Amante de música, desde cedo frequentou concertos e estabeleceu a comparação entre música e ciência. Defendeu que a arquitetura musical era paralela ao travejamento do trabalho científico, pois a harmonia estimulava a criação baseada no raciocínio, mas integrando ingredientes emocionais.

O facto de rer sido criado no bairro da Politécnica facilitou ao jovem estudante os primeiros contactos académicos. Na escola primária, conviveu com os filhos do embriologista e professor Augusto Celestino da Costa. No liceu, conheceu o amigo, futuro dermatologista e professor catedrático, Juvenal Alvarez Esteves. Conviveu com professores e alunos da Universidade, já que o pai fornecia os laboratórios universitários. 

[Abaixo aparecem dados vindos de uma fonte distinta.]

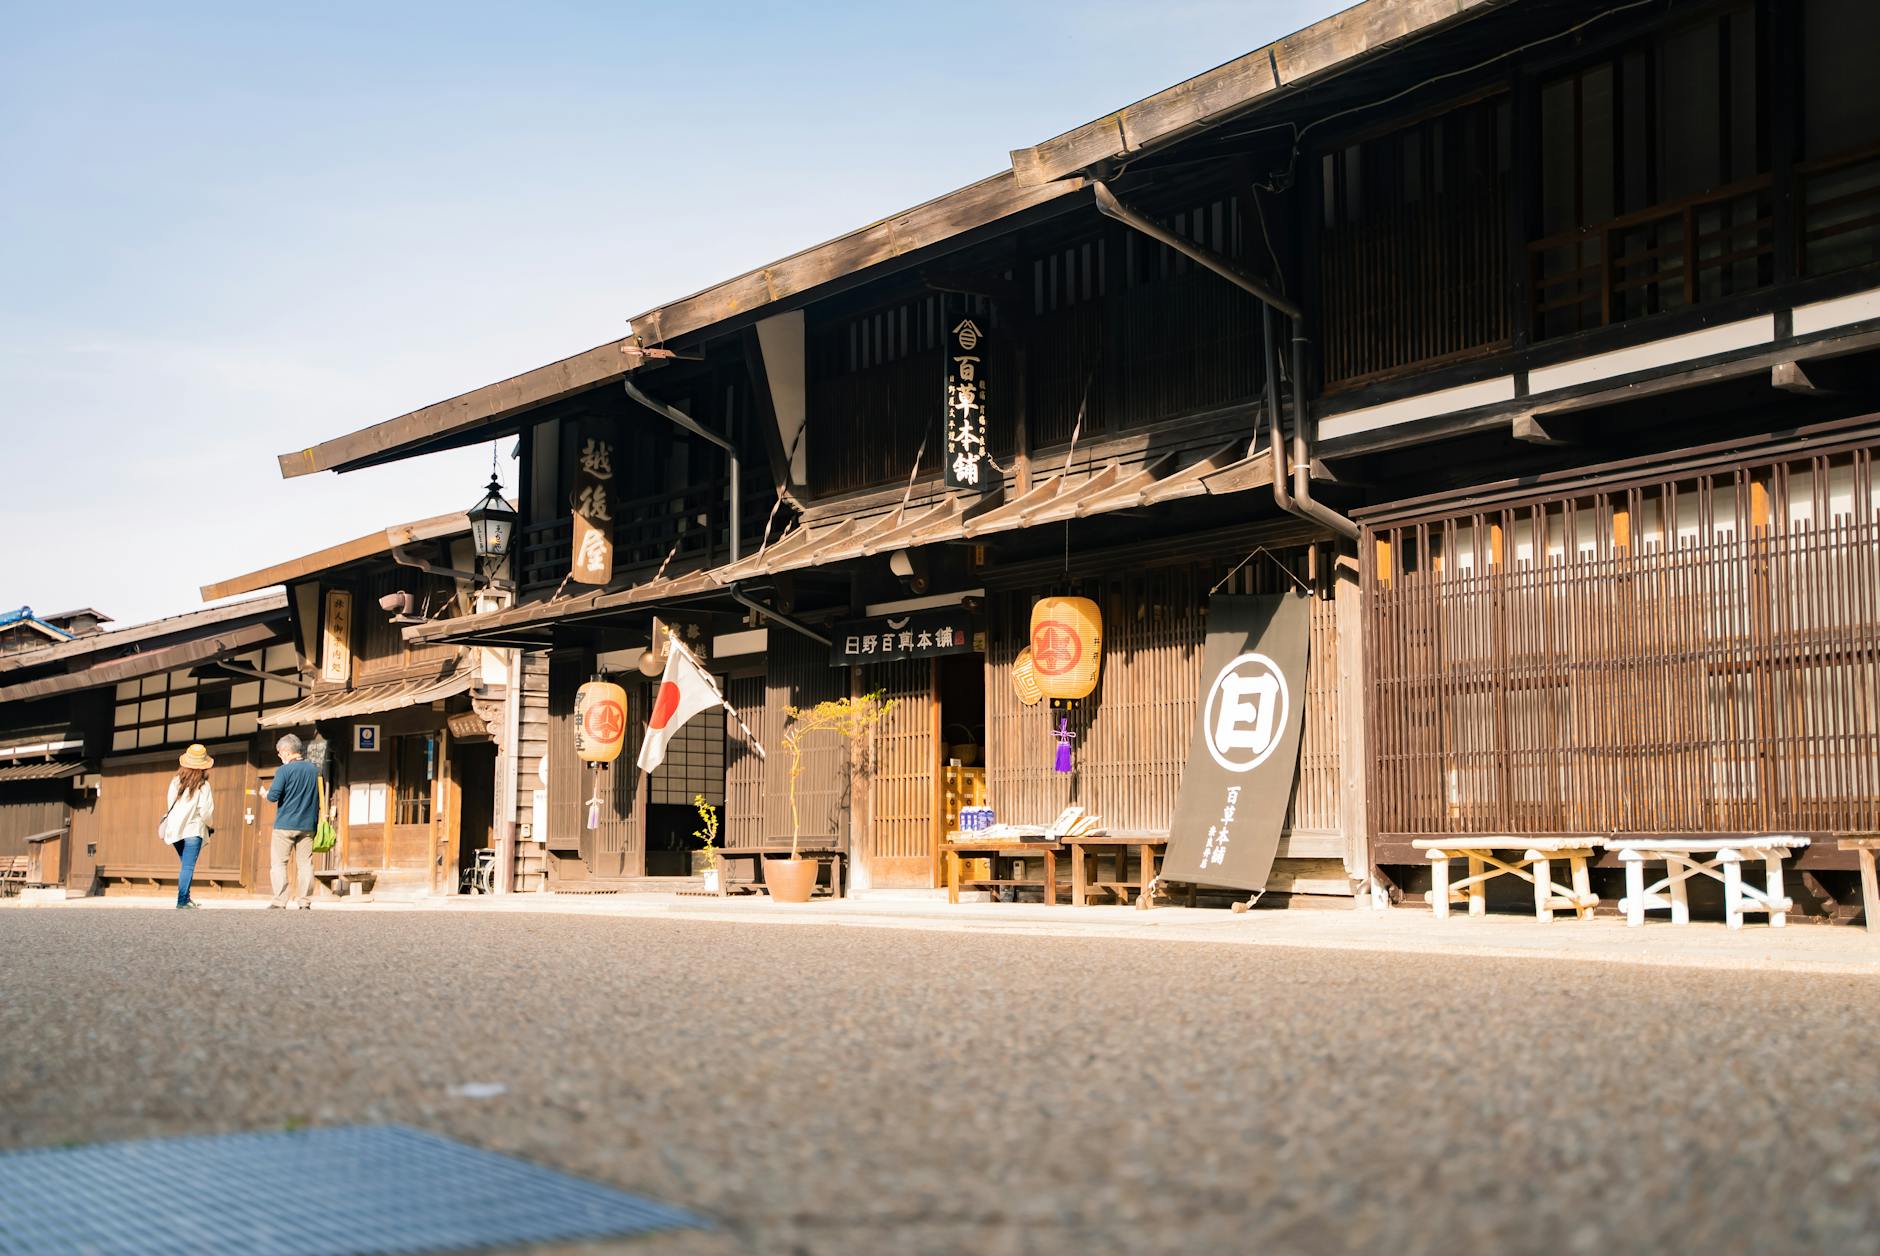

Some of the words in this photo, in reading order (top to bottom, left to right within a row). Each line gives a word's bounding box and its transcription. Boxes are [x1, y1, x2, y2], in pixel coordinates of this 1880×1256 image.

[952, 355, 982, 486] 百草本舗
[577, 437, 613, 572] 越後屋
[1211, 786, 1242, 866] 百草本舗

Nos estudos universitários, a geografia à época estava ligada à história. No ensino secundário, predominavam as listas de nomes para decorar, que qualquer um podia ensinar. 

Ao ingressar na Faculdade de Letras da Universidade de Lisboa, Orlando Ribeiro encontrou “uma escola má com alguns professores excelentes”. Em geografia o ensino era inteiramente teórico e verbal. “Nunca fizemos uma excursão, nunca vimos um mapa de grande escala”. Influenciou-o o professor de História, Manuel Ramos, que condensava um parágrafo com uma rubrica à margem, permitindo-lhe retirar o fundamental do texto, hábito que Orlando Ribeiro adquiriu. Também o médico, primeiro professor português de Geografia a nível superior, Francisco Xavier da Silva Telles, o marcou.

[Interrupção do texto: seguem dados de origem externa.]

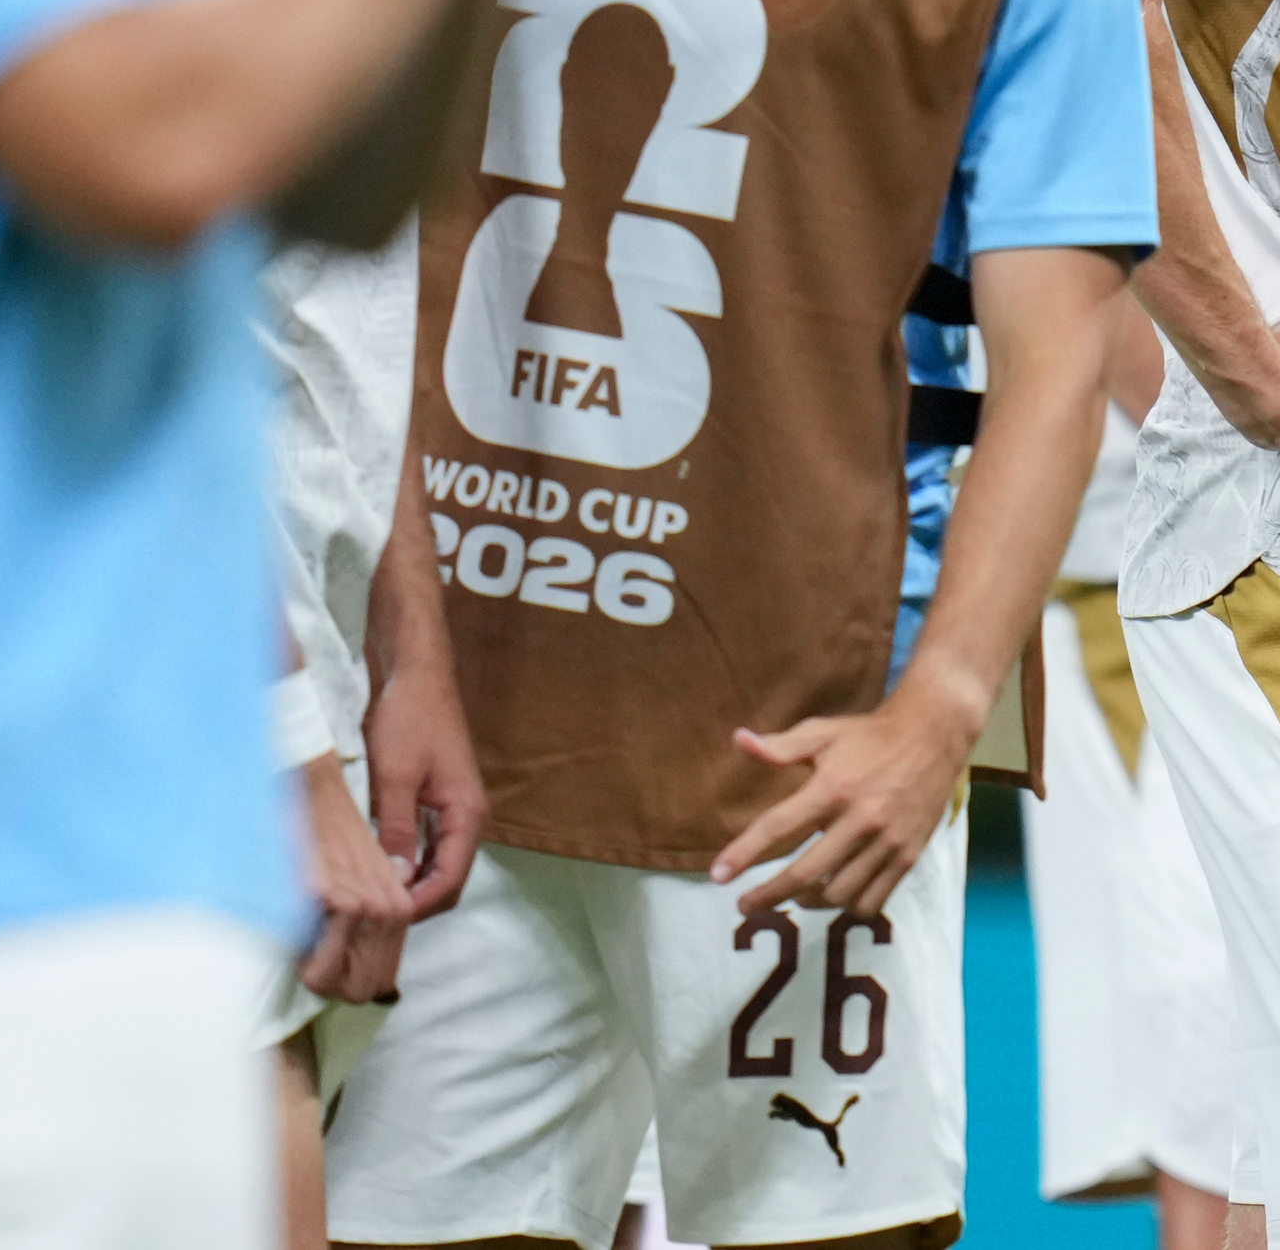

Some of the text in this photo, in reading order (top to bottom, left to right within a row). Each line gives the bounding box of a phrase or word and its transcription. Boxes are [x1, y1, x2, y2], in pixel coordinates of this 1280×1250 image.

[510, 348, 623, 420] FIFA
[422, 454, 690, 544] WORLD CUP
[728, 910, 893, 1079] 26

Orlando Ribeiro proferiu a sua primeira conferência aquando da celebração do centenário da morte de Goethe, em 1932, ano em que concluiu a licenciatura. Nessa altura decidiu fazer doutoramento e carreira em ciência. 

Foi fora da faculdade que Orlando Ribeiro encontrou os verdadeiros mestres: Ernest Fleury, um geólogo suíço que ensinava no Instituto Superior Técnico (em 1932–1933 frequentou a sua cadeira, na qual se iniciou no trabalho de campo) e José Leite de Vasconcellos: “a ele, mais do que a ninguém, devo a posse de uma disciplina de trabalho e de um ideal de servir a Ciência”. Foi também nesta época que conheceu Manuel Viegas Guerreiro.

Assim que completou a licenciatura, lecionou no Colégio Infante de Sagres, em Lisboa, onde foi colega do filósofo Agostinho da Silva. Considerou o ensino secundário a melhor iniciação pedagógica, já que permitia aprender a tornar claras e atraentes as aulas e relacionar-se com os alunos. Hauriu pedagogias modernas, de Pestalozzi e Manuel Silva Leal, o diretor do colégio, dando importância ao ar livre.

Em 1934, iniciou um programa de viagens em Portugal, como bolseiro do Instituto de Alta Cultura, tomando conhecimento direto do território continental português. 

Aproveitou as férias de 1935 para participar no I Cruzeiro de Férias às Colónias, dirigido por Marcello Caetano. Aí conheceu a ilha da Madeira e as colónias da África ocidental, convivendo com autores que conheciam o pensamento de Gilberto Freyre, deixando-o recetivo ao luso-tropicalismo que marcou a sua análise do Brasil e Cabo Verde. 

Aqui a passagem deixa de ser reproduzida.